__Data provided__
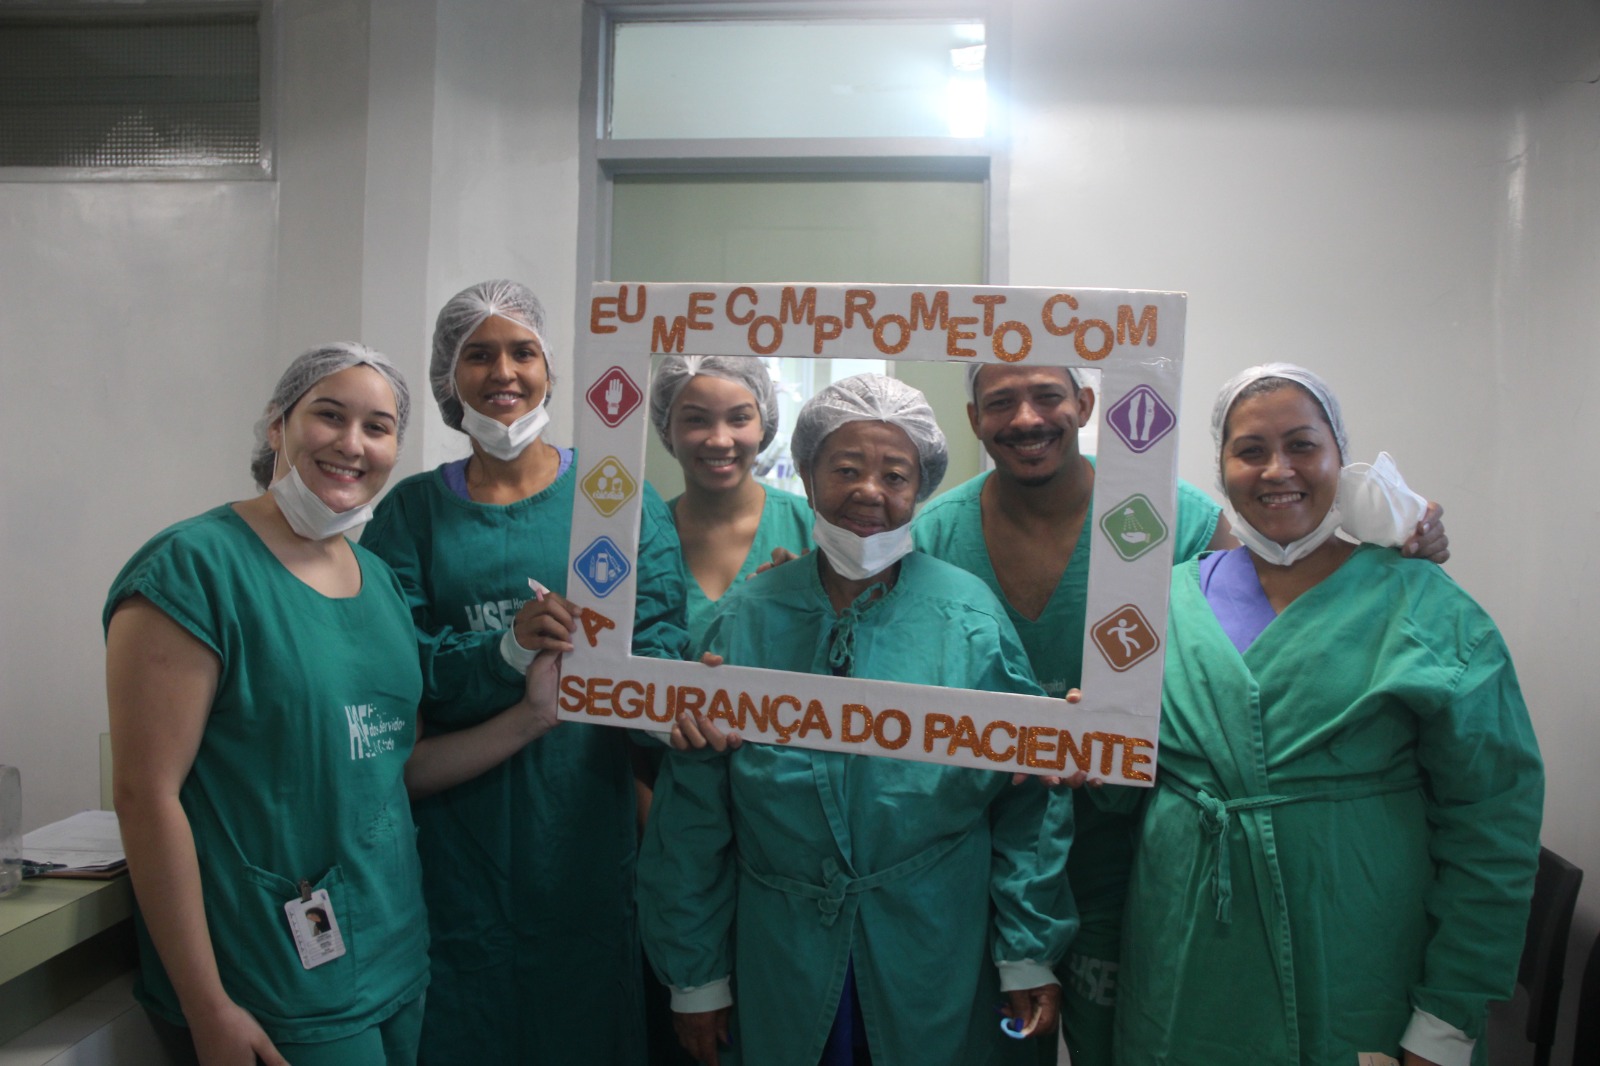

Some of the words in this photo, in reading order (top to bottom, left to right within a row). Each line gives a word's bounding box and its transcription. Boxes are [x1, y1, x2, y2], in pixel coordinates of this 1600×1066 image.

[591, 285, 646, 334] EU
[651, 292, 716, 353] ME
[725, 286, 1032, 362] COMPROMETO
[1042, 293, 1157, 361] COM
[580, 607, 615, 647] A
[559, 675, 832, 744] SEGURANÇA
[841, 703, 911, 750] DO
[924, 713, 1154, 782] PACIENTE
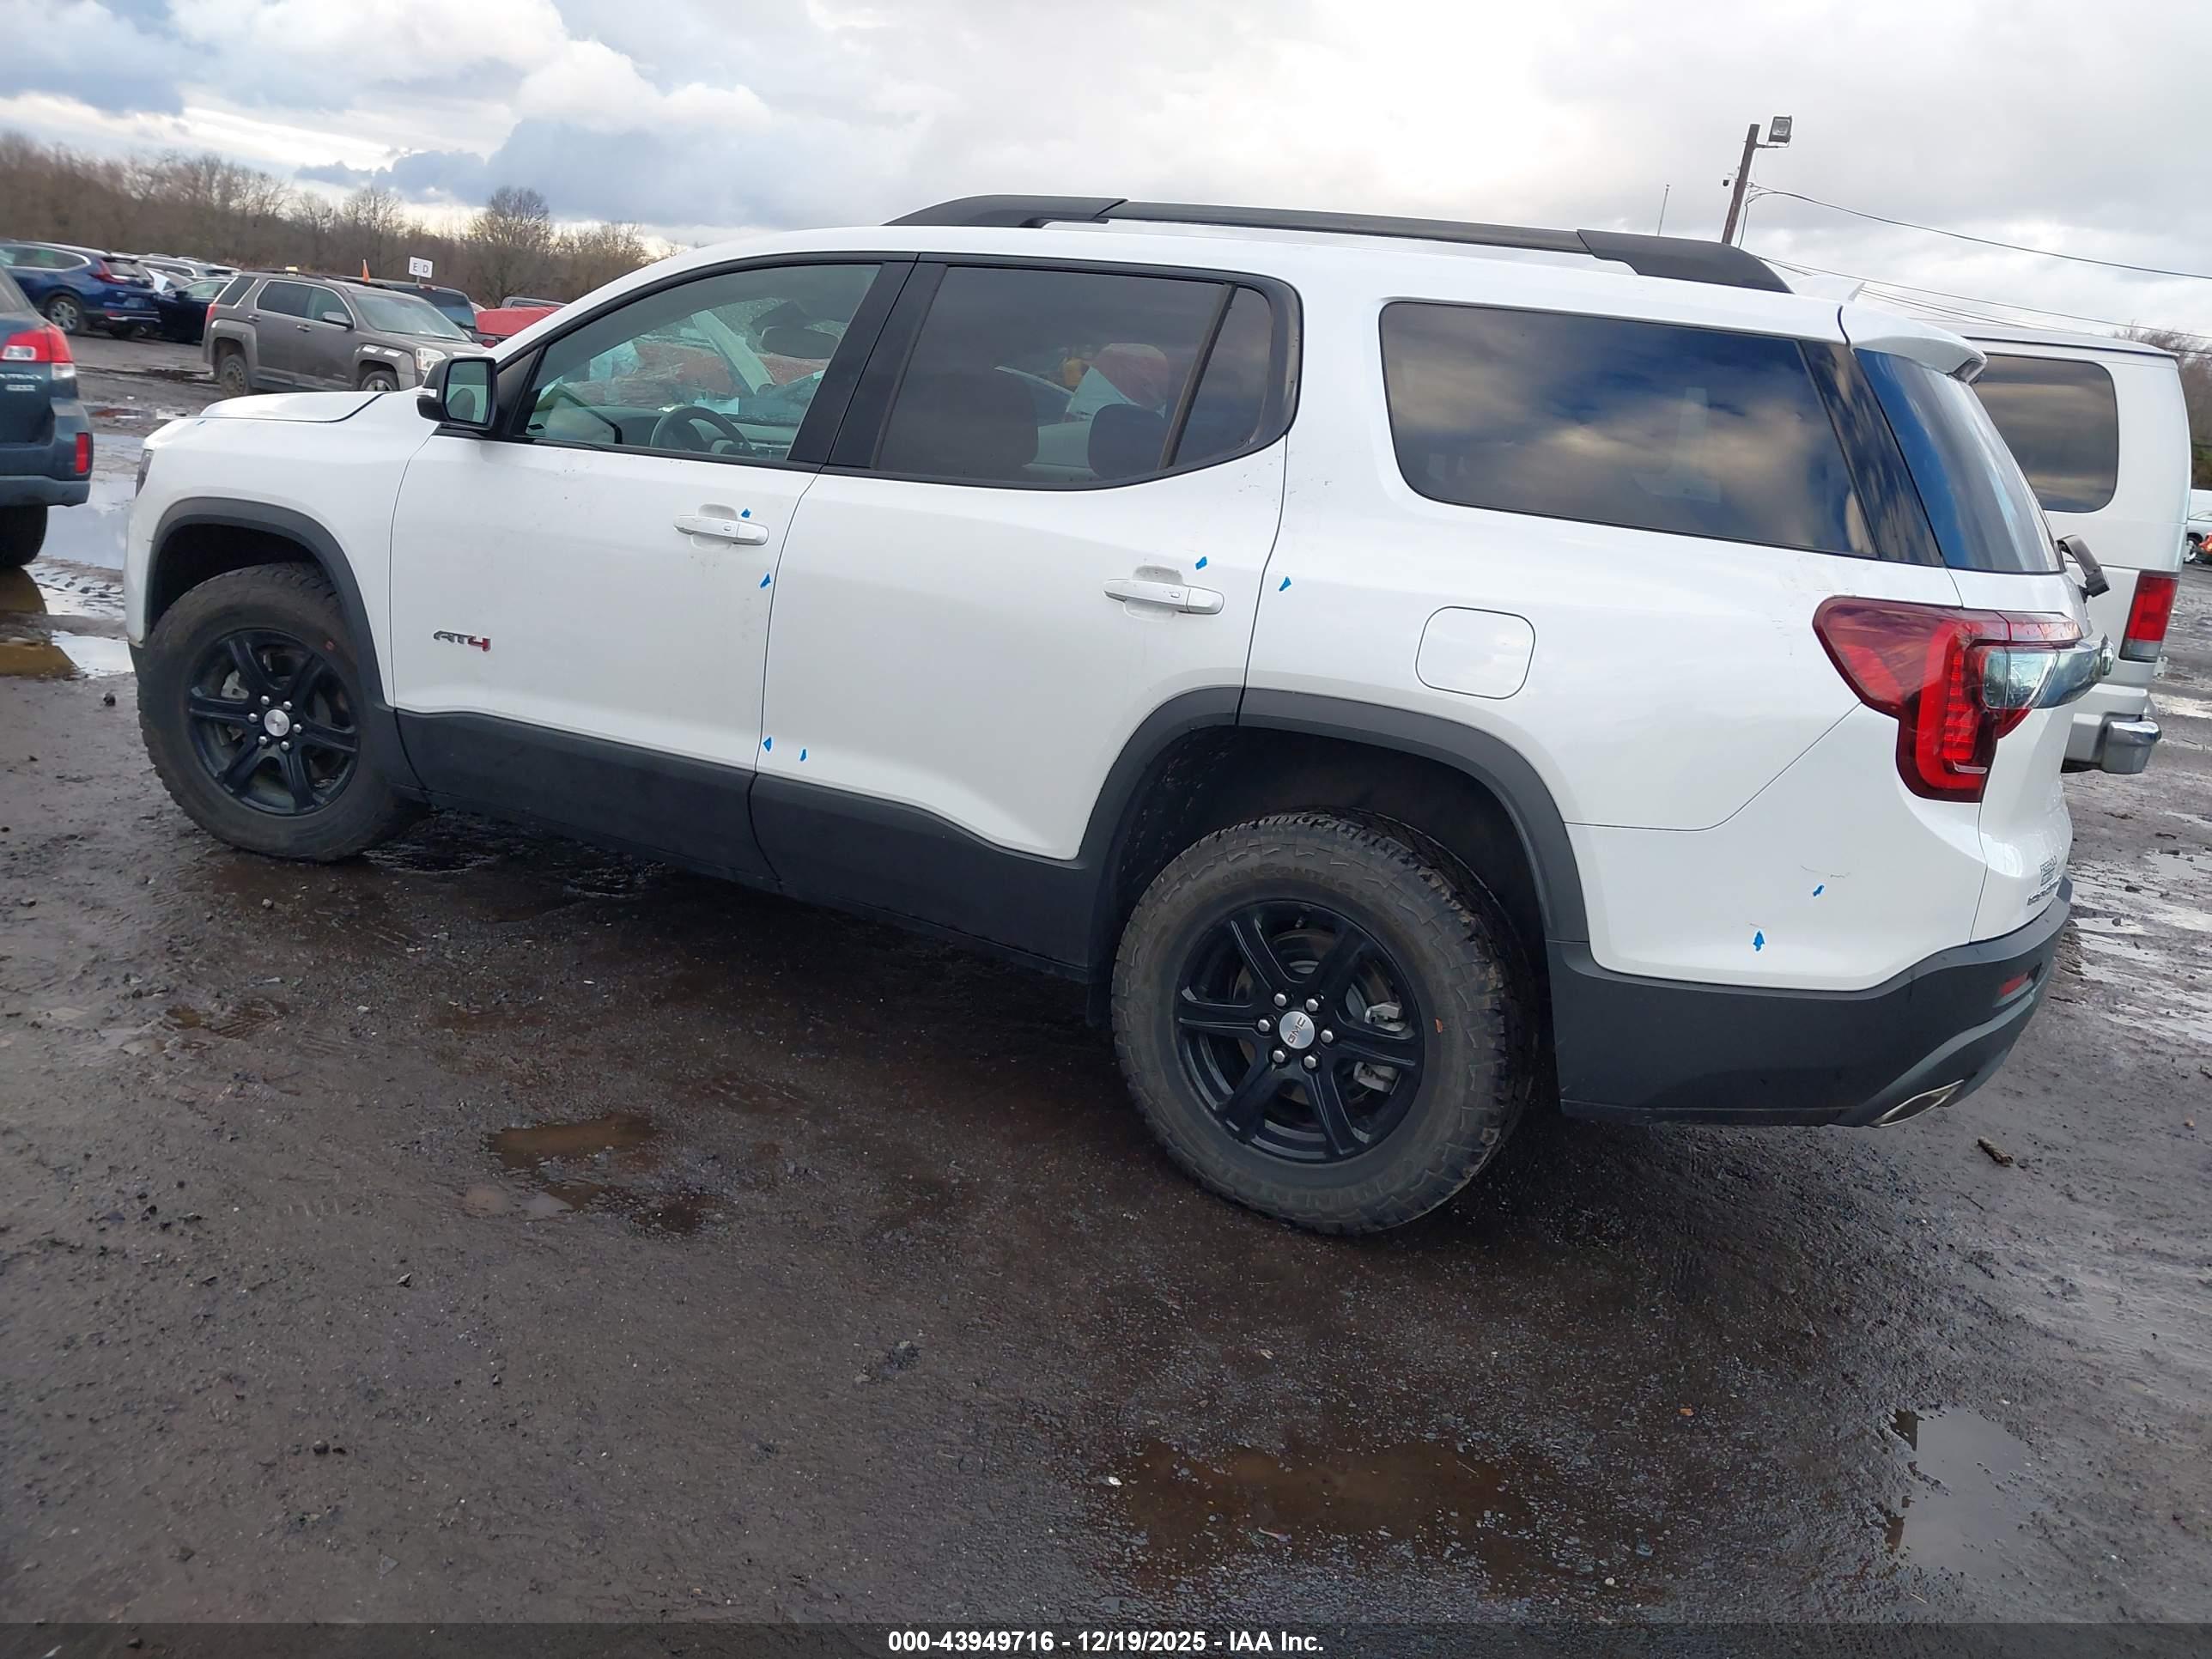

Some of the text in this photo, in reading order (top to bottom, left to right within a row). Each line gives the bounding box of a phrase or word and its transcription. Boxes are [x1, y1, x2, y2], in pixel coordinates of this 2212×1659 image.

[412, 262, 429, 274] E D
[433, 630, 491, 652] AT4
[1287, 1016, 1306, 1044] GMC

__Task details__
Please retype the material above exactly, and omit its images.

__Solved exercise__
Some of the words in this photo, in reading order (top to bottom, left to right within a row). Each line gives a word's bounding box and its transcription. Boxes are [x1, y1, x2, y2], in pixel coordinates of this 1600×1066 image.

[591, 285, 646, 334] EU
[651, 292, 716, 353] ME
[725, 286, 1032, 362] COMPROMETO
[1042, 293, 1157, 361] COM
[580, 607, 615, 647] A
[559, 675, 832, 744] SEGURANÇA
[841, 703, 911, 750] DO
[924, 713, 1154, 782] PACIENTE

Some of the text in this photo, in reading order (top to bottom, left to right within a row). Each line gives the bounding box of a phrase or word and its transcription. Boxes are [x1, y1, x2, y2], in pixel coordinates of this 2212×1659 image.

[412, 262, 429, 274] E D
[433, 630, 491, 652] AT4
[1287, 1016, 1306, 1044] GMC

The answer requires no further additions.